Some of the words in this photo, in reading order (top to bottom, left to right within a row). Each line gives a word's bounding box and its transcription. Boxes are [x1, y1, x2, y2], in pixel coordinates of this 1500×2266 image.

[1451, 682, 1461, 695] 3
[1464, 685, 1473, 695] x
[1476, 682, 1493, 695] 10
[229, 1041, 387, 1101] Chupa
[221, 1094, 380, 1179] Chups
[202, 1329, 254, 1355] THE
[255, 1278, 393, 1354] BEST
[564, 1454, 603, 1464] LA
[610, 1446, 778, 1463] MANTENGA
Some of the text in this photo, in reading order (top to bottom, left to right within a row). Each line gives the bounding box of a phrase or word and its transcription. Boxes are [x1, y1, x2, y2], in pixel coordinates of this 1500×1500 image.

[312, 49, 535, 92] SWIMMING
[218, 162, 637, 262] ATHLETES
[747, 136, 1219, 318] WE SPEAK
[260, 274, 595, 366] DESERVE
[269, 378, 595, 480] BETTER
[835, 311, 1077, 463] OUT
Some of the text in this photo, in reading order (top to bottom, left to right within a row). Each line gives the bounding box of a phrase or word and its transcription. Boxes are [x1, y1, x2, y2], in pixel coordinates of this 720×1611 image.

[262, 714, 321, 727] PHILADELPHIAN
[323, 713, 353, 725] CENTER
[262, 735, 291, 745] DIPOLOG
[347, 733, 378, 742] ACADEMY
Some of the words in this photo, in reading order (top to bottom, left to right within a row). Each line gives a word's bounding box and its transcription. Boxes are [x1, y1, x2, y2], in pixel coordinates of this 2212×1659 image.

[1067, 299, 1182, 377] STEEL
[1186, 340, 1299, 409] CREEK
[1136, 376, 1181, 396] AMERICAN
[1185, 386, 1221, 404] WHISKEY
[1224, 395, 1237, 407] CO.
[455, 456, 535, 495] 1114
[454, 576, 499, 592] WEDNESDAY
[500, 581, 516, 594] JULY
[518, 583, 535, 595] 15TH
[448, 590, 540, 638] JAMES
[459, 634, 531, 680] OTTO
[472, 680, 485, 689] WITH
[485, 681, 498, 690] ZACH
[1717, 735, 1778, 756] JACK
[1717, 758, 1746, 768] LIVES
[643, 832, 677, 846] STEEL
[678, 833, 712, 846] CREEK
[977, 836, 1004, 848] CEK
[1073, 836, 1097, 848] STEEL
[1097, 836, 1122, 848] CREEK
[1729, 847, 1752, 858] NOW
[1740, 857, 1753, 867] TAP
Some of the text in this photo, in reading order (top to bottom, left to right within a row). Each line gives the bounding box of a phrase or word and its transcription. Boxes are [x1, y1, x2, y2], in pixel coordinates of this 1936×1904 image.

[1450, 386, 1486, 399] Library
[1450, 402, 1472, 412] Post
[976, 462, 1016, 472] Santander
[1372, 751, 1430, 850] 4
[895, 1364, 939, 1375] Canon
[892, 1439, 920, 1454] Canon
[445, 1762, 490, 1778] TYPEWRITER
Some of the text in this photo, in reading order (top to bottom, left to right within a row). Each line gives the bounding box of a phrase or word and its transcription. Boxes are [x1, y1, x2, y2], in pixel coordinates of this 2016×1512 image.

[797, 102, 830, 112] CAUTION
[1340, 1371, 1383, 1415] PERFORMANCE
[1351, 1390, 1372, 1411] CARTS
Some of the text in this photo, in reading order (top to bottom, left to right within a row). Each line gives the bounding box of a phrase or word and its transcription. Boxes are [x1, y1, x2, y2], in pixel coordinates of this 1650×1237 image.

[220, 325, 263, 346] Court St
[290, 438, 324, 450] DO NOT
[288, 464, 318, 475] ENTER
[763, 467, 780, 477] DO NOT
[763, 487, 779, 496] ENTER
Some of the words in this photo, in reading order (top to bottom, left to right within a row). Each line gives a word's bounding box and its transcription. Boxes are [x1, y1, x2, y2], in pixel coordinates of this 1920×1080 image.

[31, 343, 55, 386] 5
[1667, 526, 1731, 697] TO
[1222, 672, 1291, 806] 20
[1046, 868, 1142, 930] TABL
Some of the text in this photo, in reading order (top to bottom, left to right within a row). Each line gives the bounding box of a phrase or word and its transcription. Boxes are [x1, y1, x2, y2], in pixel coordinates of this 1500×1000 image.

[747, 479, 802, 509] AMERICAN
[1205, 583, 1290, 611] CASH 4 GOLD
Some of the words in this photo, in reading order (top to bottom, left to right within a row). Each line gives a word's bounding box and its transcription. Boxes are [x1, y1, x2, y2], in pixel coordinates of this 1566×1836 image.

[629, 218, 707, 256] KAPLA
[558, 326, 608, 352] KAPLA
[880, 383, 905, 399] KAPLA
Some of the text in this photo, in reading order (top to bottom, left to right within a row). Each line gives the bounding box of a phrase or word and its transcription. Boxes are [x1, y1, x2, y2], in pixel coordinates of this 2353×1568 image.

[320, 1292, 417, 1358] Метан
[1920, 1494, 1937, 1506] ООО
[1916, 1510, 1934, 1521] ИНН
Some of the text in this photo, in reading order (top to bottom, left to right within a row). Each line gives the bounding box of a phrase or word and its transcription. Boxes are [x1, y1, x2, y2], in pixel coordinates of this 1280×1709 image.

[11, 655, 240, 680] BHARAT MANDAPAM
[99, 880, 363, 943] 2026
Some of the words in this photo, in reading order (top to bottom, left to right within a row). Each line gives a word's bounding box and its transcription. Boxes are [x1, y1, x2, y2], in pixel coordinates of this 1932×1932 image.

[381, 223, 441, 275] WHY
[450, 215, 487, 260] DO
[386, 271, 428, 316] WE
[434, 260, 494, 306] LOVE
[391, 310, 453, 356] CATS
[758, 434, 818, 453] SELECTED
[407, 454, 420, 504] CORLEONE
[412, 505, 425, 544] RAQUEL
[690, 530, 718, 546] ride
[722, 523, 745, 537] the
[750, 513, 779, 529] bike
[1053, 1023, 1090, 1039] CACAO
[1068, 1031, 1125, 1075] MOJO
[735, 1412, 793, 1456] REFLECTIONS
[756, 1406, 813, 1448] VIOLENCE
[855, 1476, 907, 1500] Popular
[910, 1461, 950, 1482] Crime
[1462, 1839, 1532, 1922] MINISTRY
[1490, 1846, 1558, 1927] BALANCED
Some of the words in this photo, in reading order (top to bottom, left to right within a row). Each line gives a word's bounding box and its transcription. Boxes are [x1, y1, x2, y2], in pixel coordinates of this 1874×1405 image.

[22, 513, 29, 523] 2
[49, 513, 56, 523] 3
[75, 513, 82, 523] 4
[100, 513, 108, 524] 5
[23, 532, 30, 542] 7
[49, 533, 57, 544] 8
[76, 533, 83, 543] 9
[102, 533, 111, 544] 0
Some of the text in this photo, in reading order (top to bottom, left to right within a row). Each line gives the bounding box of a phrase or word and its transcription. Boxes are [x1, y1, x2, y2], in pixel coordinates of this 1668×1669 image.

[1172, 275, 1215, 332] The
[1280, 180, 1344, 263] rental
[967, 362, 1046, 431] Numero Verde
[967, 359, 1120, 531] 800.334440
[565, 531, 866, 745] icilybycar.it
####
Restate the data above word for word. Leave nothing out.

Some of the words in this photo, in reading order (top to bottom, left to right within a row). Each line gives a word's bounding box and its transcription. Boxes are [x1, y1, x2, y2], in pixel coordinates of this 1500×2266 image.

[1451, 682, 1461, 695] 3
[1464, 685, 1473, 695] x
[1476, 682, 1493, 695] 10
[229, 1041, 387, 1101] Chupa
[221, 1094, 380, 1179] Chups
[202, 1329, 254, 1355] THE
[255, 1278, 393, 1354] BEST
[564, 1454, 603, 1464] LA
[610, 1446, 778, 1463] MANTENGA
Some of the text in this photo, in reading order (top to bottom, left to right within a row). Each line gives the bounding box of a phrase or word and its transcription. Boxes are [x1, y1, x2, y2], in pixel coordinates of this 1500×1500 image.

[312, 49, 535, 92] SWIMMING
[218, 162, 637, 262] ATHLETES
[747, 136, 1219, 318] WE SPEAK
[260, 274, 595, 366] DESERVE
[269, 378, 595, 480] BETTER
[835, 311, 1077, 463] OUT
Some of the text in this photo, in reading order (top to bottom, left to right within a row). Each line gives the bounding box of a phrase or word and its transcription. Boxes are [x1, y1, x2, y2], in pixel coordinates of this 720×1611 image.

[262, 714, 321, 727] PHILADELPHIAN
[323, 713, 353, 725] CENTER
[262, 735, 291, 745] DIPOLOG
[347, 733, 378, 742] ACADEMY
Some of the words in this photo, in reading order (top to bottom, left to right within a row). Each line gives a word's bounding box and its transcription. Boxes are [x1, y1, x2, y2], in pixel coordinates of this 2212×1659 image.

[1067, 299, 1182, 377] STEEL
[1186, 340, 1299, 409] CREEK
[1136, 376, 1181, 396] AMERICAN
[1185, 386, 1221, 404] WHISKEY
[1224, 395, 1237, 407] CO.
[455, 456, 535, 495] 1114
[454, 576, 499, 592] WEDNESDAY
[500, 581, 516, 594] JULY
[518, 583, 535, 595] 15TH
[448, 590, 540, 638] JAMES
[459, 634, 531, 680] OTTO
[472, 680, 485, 689] WITH
[485, 681, 498, 690] ZACH
[1717, 735, 1778, 756] JACK
[1717, 758, 1746, 768] LIVES
[643, 832, 677, 846] STEEL
[678, 833, 712, 846] CREEK
[977, 836, 1004, 848] CEK
[1073, 836, 1097, 848] STEEL
[1097, 836, 1122, 848] CREEK
[1729, 847, 1752, 858] NOW
[1740, 857, 1753, 867] TAP
Some of the text in this photo, in reading order (top to bottom, left to right within a row). Each line gives the bounding box of a phrase or word and its transcription. Boxes are [x1, y1, x2, y2], in pixel coordinates of this 1936×1904 image.

[1450, 386, 1486, 399] Library
[1450, 402, 1472, 412] Post
[976, 462, 1016, 472] Santander
[1372, 751, 1430, 850] 4
[895, 1364, 939, 1375] Canon
[892, 1439, 920, 1454] Canon
[445, 1762, 490, 1778] TYPEWRITER
Some of the text in this photo, in reading order (top to bottom, left to right within a row). Each line gives the bounding box of a phrase or word and its transcription. Boxes are [x1, y1, x2, y2], in pixel coordinates of this 2016×1512 image.

[797, 102, 830, 112] CAUTION
[1340, 1371, 1383, 1415] PERFORMANCE
[1351, 1390, 1372, 1411] CARTS
Some of the text in this photo, in reading order (top to bottom, left to right within a row). Each line gives the bounding box of a phrase or word and its transcription. Boxes are [x1, y1, x2, y2], in pixel coordinates of this 1650×1237 image.

[220, 325, 263, 346] Court St
[290, 438, 324, 450] DO NOT
[288, 464, 318, 475] ENTER
[763, 467, 780, 477] DO NOT
[763, 487, 779, 496] ENTER
Some of the words in this photo, in reading order (top to bottom, left to right within a row). Each line gives a word's bounding box and its transcription. Boxes are [x1, y1, x2, y2], in pixel coordinates of this 1920×1080 image.

[31, 343, 55, 386] 5
[1667, 526, 1731, 697] TO
[1222, 672, 1291, 806] 20
[1046, 868, 1142, 930] TABL
Some of the text in this photo, in reading order (top to bottom, left to right within a row). Each line gives the bounding box of a phrase or word and its transcription. Boxes are [x1, y1, x2, y2], in pixel coordinates of this 1500×1000 image.

[747, 479, 802, 509] AMERICAN
[1205, 583, 1290, 611] CASH 4 GOLD
Some of the words in this photo, in reading order (top to bottom, left to right within a row). Each line gives a word's bounding box and its transcription. Boxes are [x1, y1, x2, y2], in pixel coordinates of this 1566×1836 image.

[629, 218, 707, 256] KAPLA
[558, 326, 608, 352] KAPLA
[880, 383, 905, 399] KAPLA
Some of the text in this photo, in reading order (top to bottom, left to right within a row). Each line gives the bounding box of a phrase or word and its transcription. Boxes are [x1, y1, x2, y2], in pixel coordinates of this 2353×1568 image.

[320, 1292, 417, 1358] Метан
[1920, 1494, 1937, 1506] ООО
[1916, 1510, 1934, 1521] ИНН
Some of the text in this photo, in reading order (top to bottom, left to right within a row). Each line gives the bounding box of a phrase or word and its transcription. Boxes are [x1, y1, x2, y2], in pixel coordinates of this 1280×1709 image.

[11, 655, 240, 680] BHARAT MANDAPAM
[99, 880, 363, 943] 2026
Some of the words in this photo, in reading order (top to bottom, left to right within a row). Each line gives a word's bounding box and its transcription. Boxes are [x1, y1, x2, y2], in pixel coordinates of this 1932×1932 image.

[381, 223, 441, 275] WHY
[450, 215, 487, 260] DO
[386, 271, 428, 316] WE
[434, 260, 494, 306] LOVE
[391, 310, 453, 356] CATS
[758, 434, 818, 453] SELECTED
[407, 454, 420, 504] CORLEONE
[412, 505, 425, 544] RAQUEL
[690, 530, 718, 546] ride
[722, 523, 745, 537] the
[750, 513, 779, 529] bike
[1053, 1023, 1090, 1039] CACAO
[1068, 1031, 1125, 1075] MOJO
[735, 1412, 793, 1456] REFLECTIONS
[756, 1406, 813, 1448] VIOLENCE
[855, 1476, 907, 1500] Popular
[910, 1461, 950, 1482] Crime
[1462, 1839, 1532, 1922] MINISTRY
[1490, 1846, 1558, 1927] BALANCED
Some of the words in this photo, in reading order (top to bottom, left to right within a row). Each line gives a word's bounding box and its transcription. Boxes are [x1, y1, x2, y2], in pixel coordinates of this 1874×1405 image.

[22, 513, 29, 523] 2
[49, 513, 56, 523] 3
[75, 513, 82, 523] 4
[100, 513, 108, 524] 5
[23, 532, 30, 542] 7
[49, 533, 57, 544] 8
[76, 533, 83, 543] 9
[102, 533, 111, 544] 0
Some of the text in this photo, in reading order (top to bottom, left to right within a row). Each line gives the bounding box of a phrase or word and its transcription. Boxes are [x1, y1, x2, y2], in pixel coordinates of this 1668×1669 image.

[1172, 275, 1215, 332] The
[1280, 180, 1344, 263] rental
[967, 362, 1046, 431] Numero Verde
[967, 359, 1120, 531] 800.334440
[565, 531, 866, 745] icilybycar.it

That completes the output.